→ INPUT MATERIAL

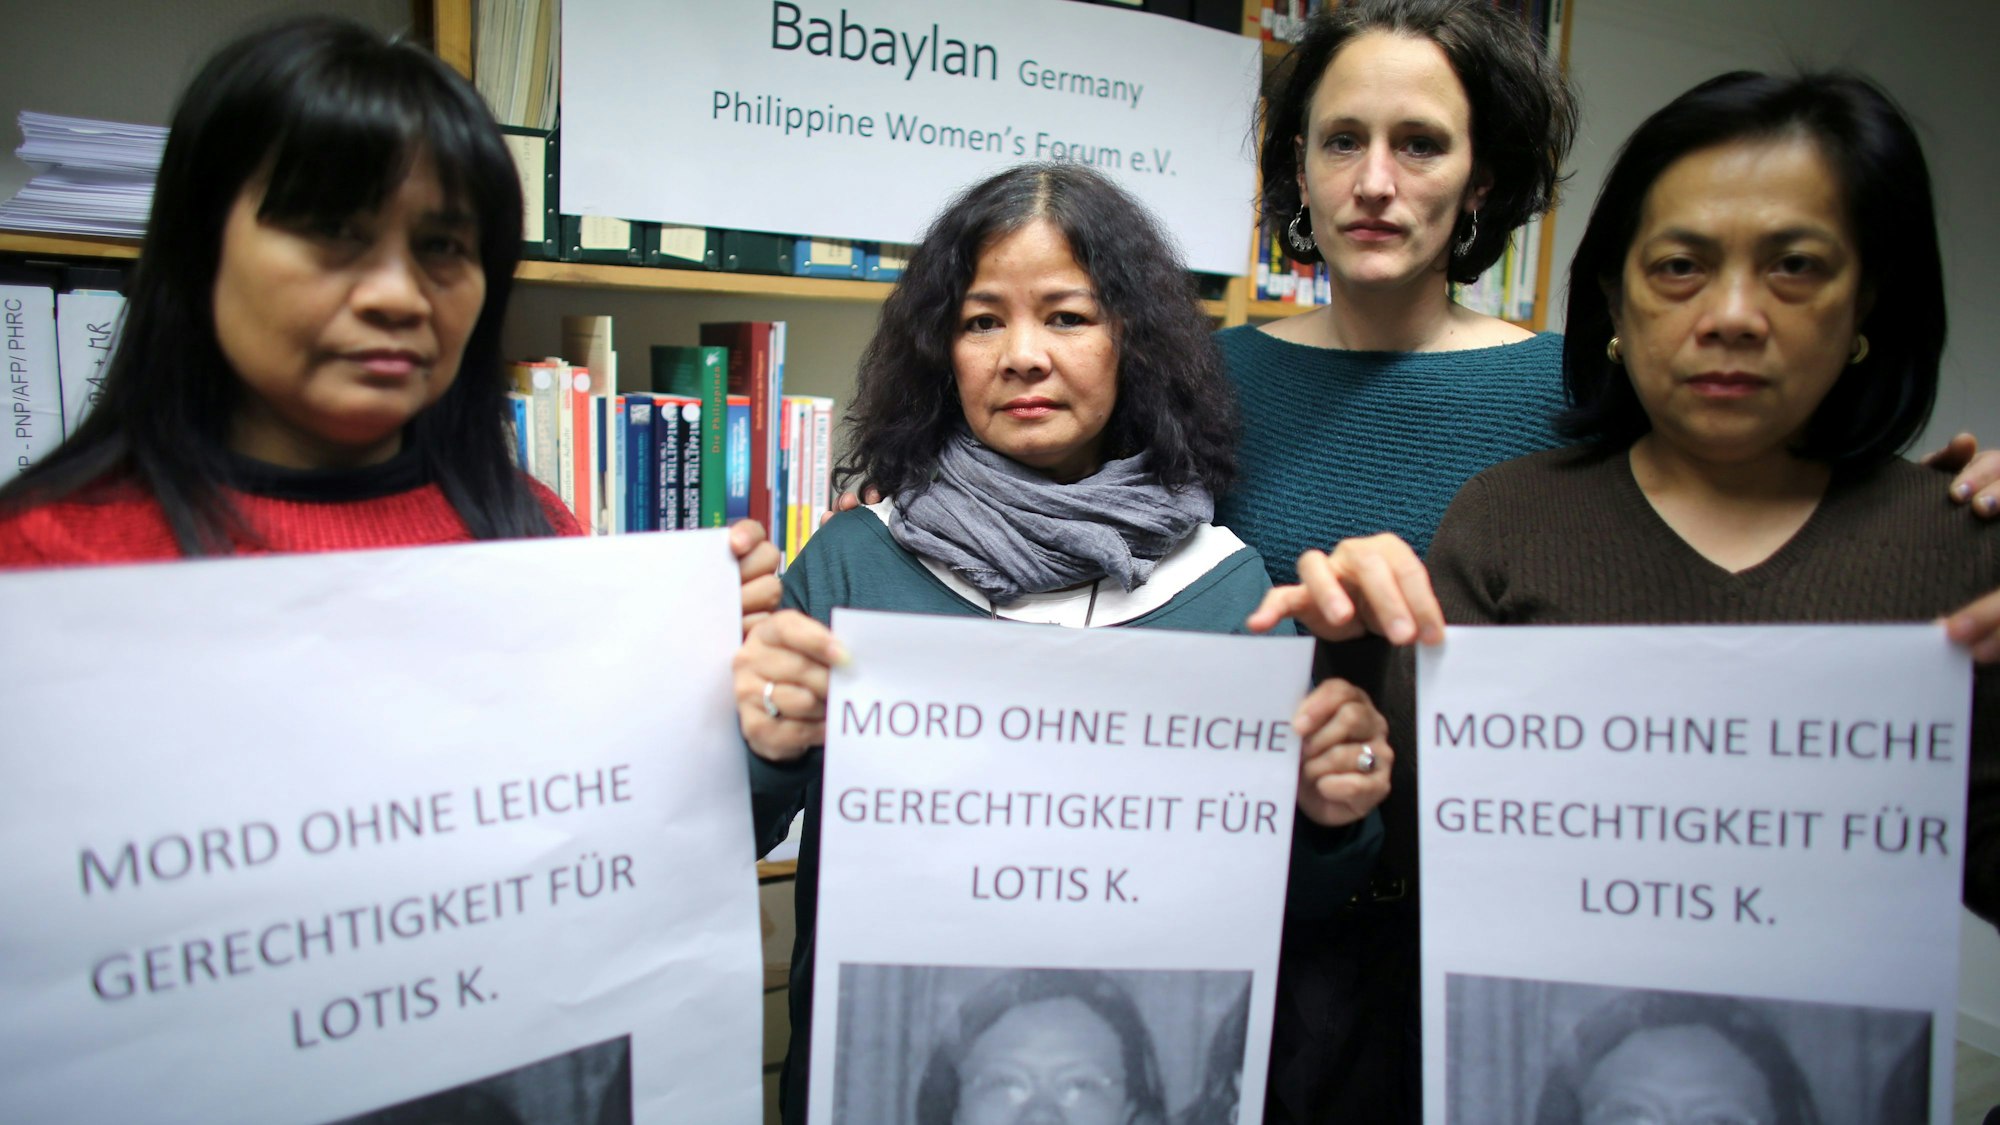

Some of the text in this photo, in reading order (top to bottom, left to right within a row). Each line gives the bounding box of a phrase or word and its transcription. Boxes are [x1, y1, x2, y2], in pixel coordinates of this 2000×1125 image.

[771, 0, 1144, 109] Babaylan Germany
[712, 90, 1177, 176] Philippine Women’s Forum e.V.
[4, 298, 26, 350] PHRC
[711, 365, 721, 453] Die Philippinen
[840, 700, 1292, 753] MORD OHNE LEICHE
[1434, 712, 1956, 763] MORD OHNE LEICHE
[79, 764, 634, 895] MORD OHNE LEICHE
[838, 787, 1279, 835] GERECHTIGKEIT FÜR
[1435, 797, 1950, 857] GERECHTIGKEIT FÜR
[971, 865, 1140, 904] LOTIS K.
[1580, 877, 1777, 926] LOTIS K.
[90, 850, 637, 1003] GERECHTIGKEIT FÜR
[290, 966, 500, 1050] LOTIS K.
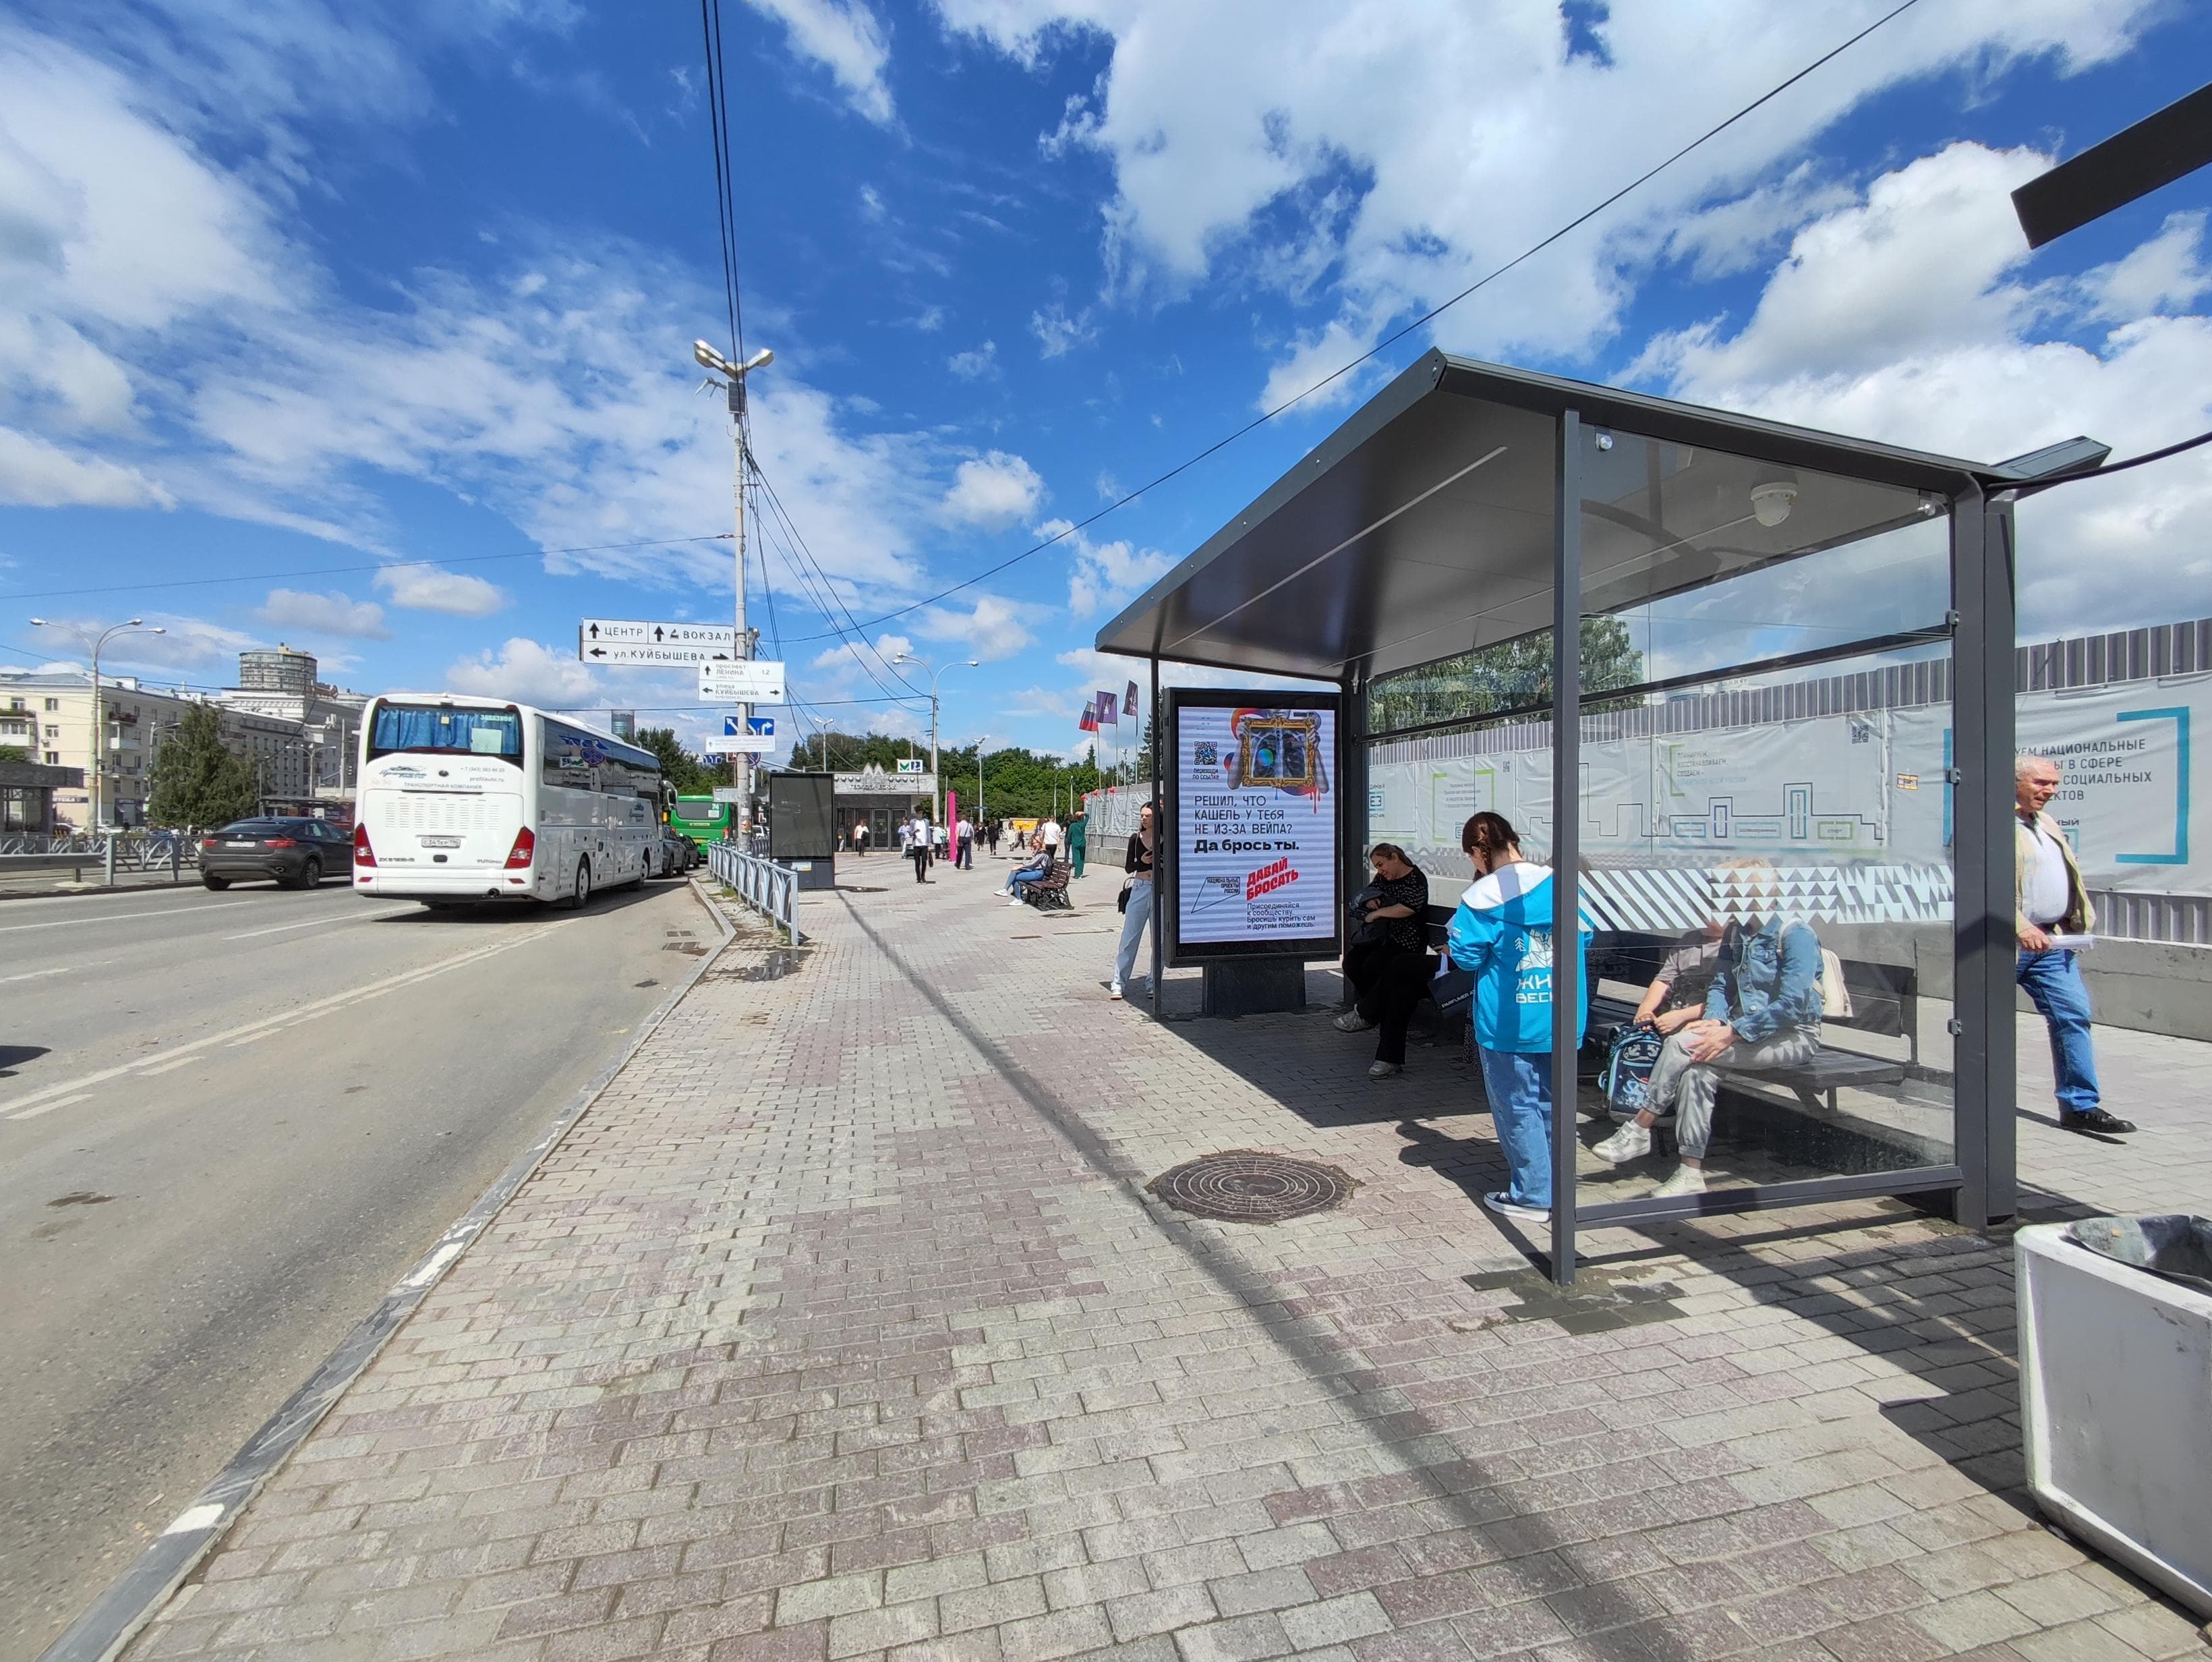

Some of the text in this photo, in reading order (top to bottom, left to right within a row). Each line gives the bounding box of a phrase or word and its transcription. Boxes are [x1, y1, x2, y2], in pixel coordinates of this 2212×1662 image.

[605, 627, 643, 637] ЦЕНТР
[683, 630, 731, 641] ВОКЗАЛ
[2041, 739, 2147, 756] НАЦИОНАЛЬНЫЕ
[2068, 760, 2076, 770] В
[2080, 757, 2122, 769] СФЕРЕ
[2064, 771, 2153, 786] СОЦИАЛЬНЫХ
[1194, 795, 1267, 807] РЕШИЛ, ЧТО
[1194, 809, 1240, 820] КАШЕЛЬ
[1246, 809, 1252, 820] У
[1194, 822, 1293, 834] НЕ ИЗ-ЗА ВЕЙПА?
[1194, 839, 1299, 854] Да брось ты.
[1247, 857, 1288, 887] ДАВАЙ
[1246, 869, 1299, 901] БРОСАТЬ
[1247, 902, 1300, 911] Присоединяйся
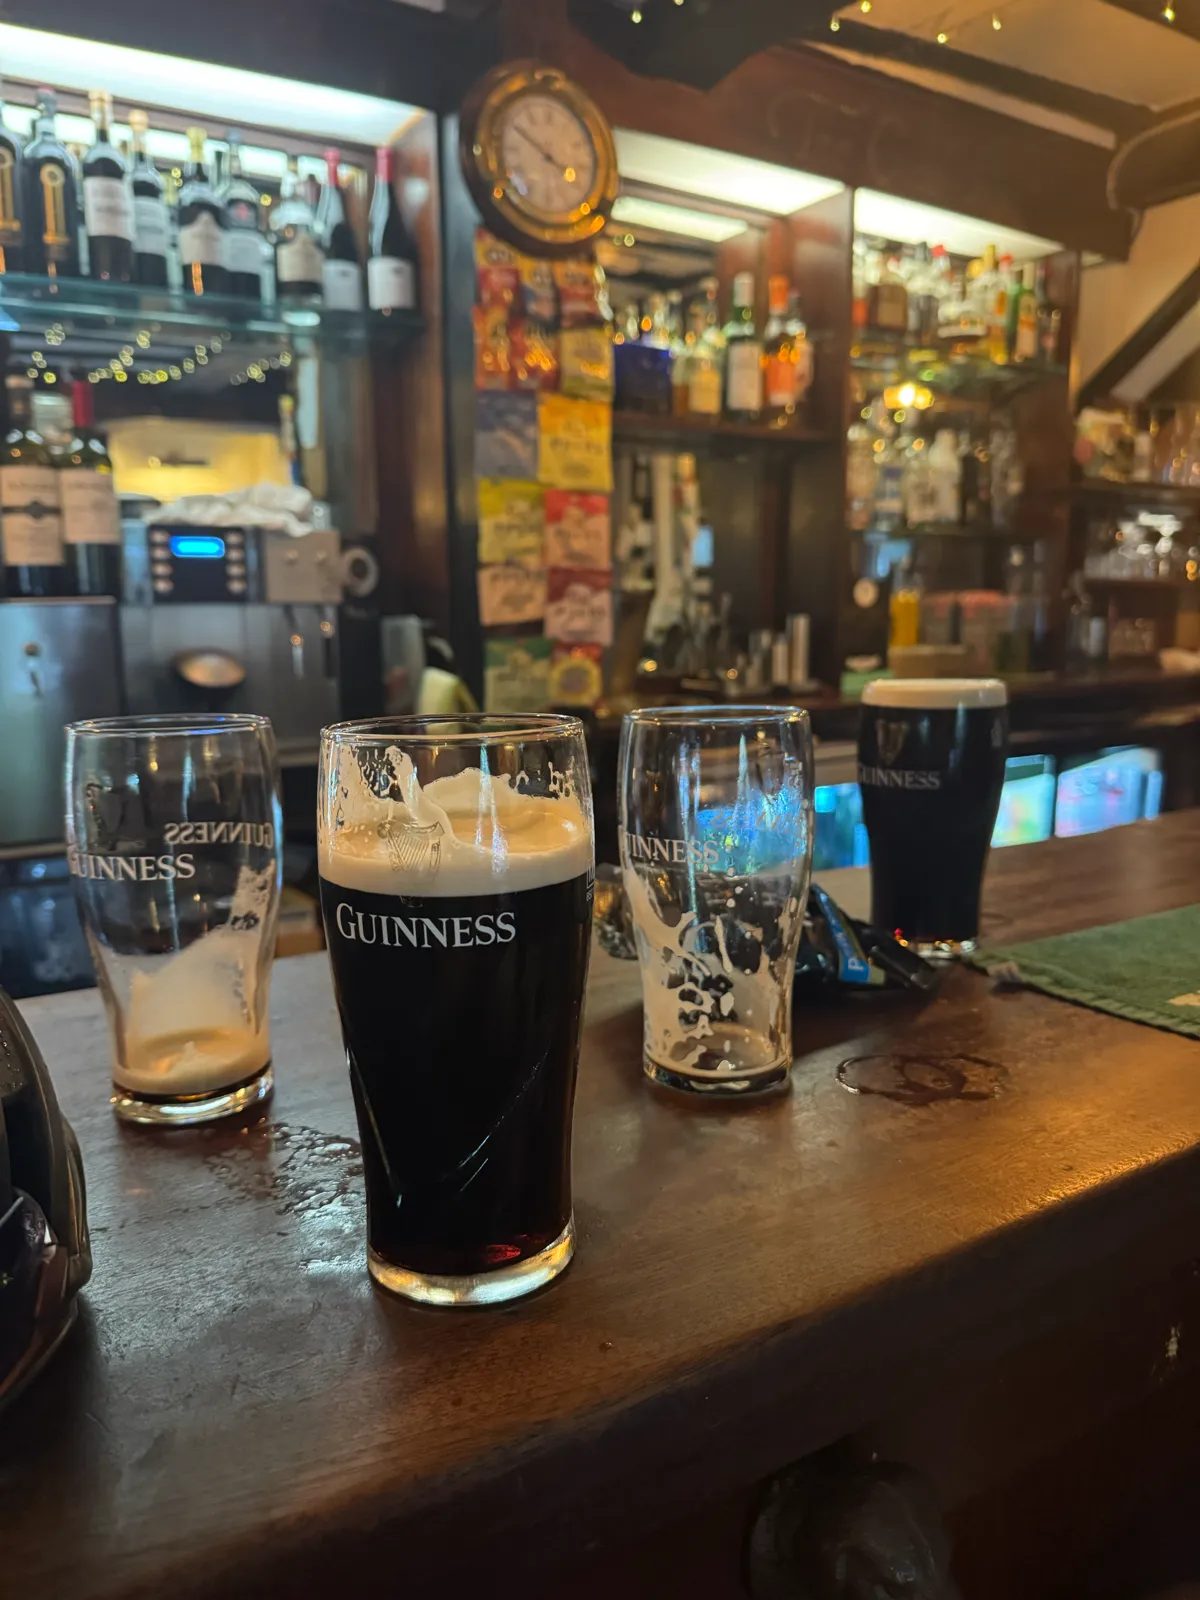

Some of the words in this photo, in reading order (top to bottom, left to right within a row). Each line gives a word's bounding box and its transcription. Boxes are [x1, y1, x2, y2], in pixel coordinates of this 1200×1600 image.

→ INSTRUCTIONS TO FOLLOW
Every line of the material must be returned verbatim, and pictures must be left behind.

→ ANSWER TO THE PROBLEM
Some of the text in this photo, in reading order (top to bottom, left to right within a row). Each line gives the bounding box of a phrase or word and its transcription. Boxes are [x1, y1, x2, y2], in pixel coordinates of this 2000×1125 image.

[771, 0, 1144, 109] Babaylan Germany
[712, 90, 1177, 176] Philippine Women’s Forum e.V.
[4, 298, 26, 350] PHRC
[711, 365, 721, 453] Die Philippinen
[840, 700, 1292, 753] MORD OHNE LEICHE
[1434, 712, 1956, 763] MORD OHNE LEICHE
[79, 764, 634, 895] MORD OHNE LEICHE
[838, 787, 1279, 835] GERECHTIGKEIT FÜR
[1435, 797, 1950, 857] GERECHTIGKEIT FÜR
[971, 865, 1140, 904] LOTIS K.
[1580, 877, 1777, 926] LOTIS K.
[90, 850, 637, 1003] GERECHTIGKEIT FÜR
[290, 966, 500, 1050] LOTIS K.

Some of the text in this photo, in reading order (top to bottom, left to right within a row). Each line gives the bounding box of a phrase or word and its transcription. Boxes are [x1, y1, x2, y2], in pixel coordinates of this 2212×1662 image.

[605, 627, 643, 637] ЦЕНТР
[683, 630, 731, 641] ВОКЗАЛ
[2041, 739, 2147, 756] НАЦИОНАЛЬНЫЕ
[2068, 760, 2076, 770] В
[2080, 757, 2122, 769] СФЕРЕ
[2064, 771, 2153, 786] СОЦИАЛЬНЫХ
[1194, 795, 1267, 807] РЕШИЛ, ЧТО
[1194, 809, 1240, 820] КАШЕЛЬ
[1246, 809, 1252, 820] У
[1194, 822, 1293, 834] НЕ ИЗ-ЗА ВЕЙПА?
[1194, 839, 1299, 854] Да брось ты.
[1247, 857, 1288, 887] ДАВАЙ
[1246, 869, 1299, 901] БРОСАТЬ
[1247, 902, 1300, 911] Присоединяйся

Some of the words in this photo, in reading order (top to bottom, left to right within a row). Each line gives a word's bounding box and its transcription. Boxes are [x1, y1, x2, y2], in pixel coordinates of this 1200×1600 image.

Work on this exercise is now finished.